El gobierno de Javier Milei enfrenta un freno en su ambicioso plan legislativo tras el resurgimiento de tensiones internas que habían quedado en pausa durante el verano. Las diferencias entre el sector que responde a Karina Milei y el armado político de Santiago Caputo comenzaron a impactar directamente en la gestión y en la velocidad de las reformas prometidas.
La meta presidencial de convertir a 2026 en “el año más reformista de la historia”, con el envío de una batería constante de proyectos al Congreso, choca con una realidad más fragmentada. La coexistencia de múltiples equipos técnicos y políticos genera demoras, superposición de criterios y dificultades para ordenar una agenda común.
Hasta ahora, el oficialismo solo logró avanzar con modificaciones en la Ley de Glaciares, un número muy por debajo de las expectativas iniciales. En el entorno legislativo reconocen que los tiempos se dilatan, aunque relativizan el impacto y atribuyen las demoras a “trabas burocráticas”.
Las diferencias internas se reflejan con claridad en iniciativas clave. La reforma del Código Penal, por ejemplo, quedó empantanada tras cambios impulsados por Juan Bautista Mahiques y Santiago Viola, que modificaron el trabajo previo de Mariano Cúneo Libarona y Sebastián Amerio.

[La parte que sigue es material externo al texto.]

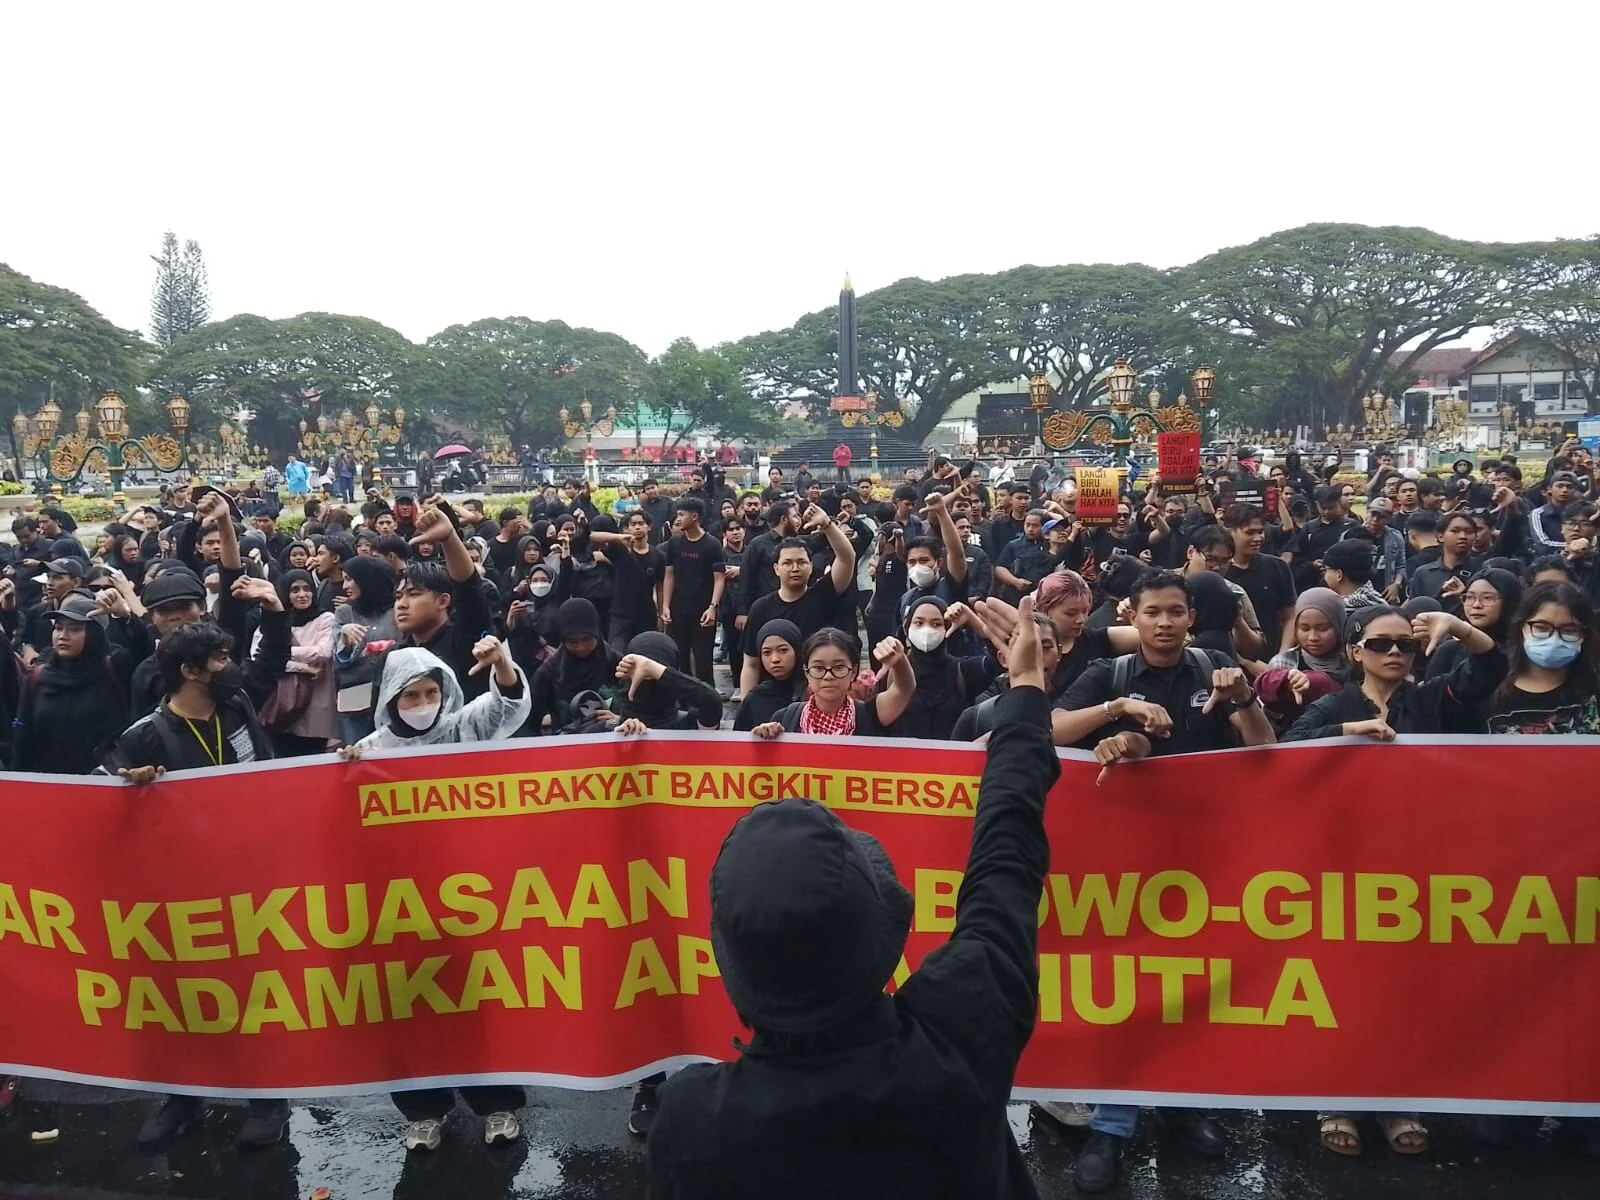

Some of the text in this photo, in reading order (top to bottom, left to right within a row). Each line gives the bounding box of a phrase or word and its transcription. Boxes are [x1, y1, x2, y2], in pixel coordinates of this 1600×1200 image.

[1080, 479, 1100, 488] BIRU
[1080, 488, 1112, 498] ADALAH
[1080, 498, 1116, 507] HAK KITA
[361, 780, 506, 819] ALIANSI
[518, 769, 660, 807] RAKYAT
[670, 771, 834, 801] BANGKIT
[100, 856, 689, 963] KEKUASAAN
[75, 945, 583, 1035] PADAMKAN
[614, 934, 722, 1010] AP

El mismo esquema se repite con la reforma política. Mientras el sector cercano a Santiago Caputo impulsa cambios de fondo, el ala que responde a Karina Milei propone un enfoque más acotado, centrado en eliminar las PASO y redefinir el financiamiento de los partidos.

En este contexto, el jefe de Gabinete Manuel Adorni retomó las reuniones de coordinación para ordenar la agenda y destrabar proyectos como la modificación de la Ley de Salud Mental y la normativa sobre pensiones por invalidez. Sin embargo, su propia situación judicial también condiciona el escenario político.
La tensión interna dejó de ser un secreto. El cruce en redes entre la diputada Lilia Lemoine y el influencer libertario Daniel Parisini expuso públicamente una disputa que hasta ahora se manejaba puertas adentro. En el trasfondo aparece el cuestionamiento a figuras como Sebastián Pareja y el armado territorial vinculado a la secretaria general.
Con un año electoral en el horizonte y la reelección como objetivo, el oficialismo enfrenta un desafío doble: sostener la iniciativa política y ordenar su propia interna. El llamado “Triángulo de Hierro” muestra fisuras, y la incógnita ya no es solo cuántas reformas se aprobarán, sino si el Gobierno podrá alinear su conducción para avanzar.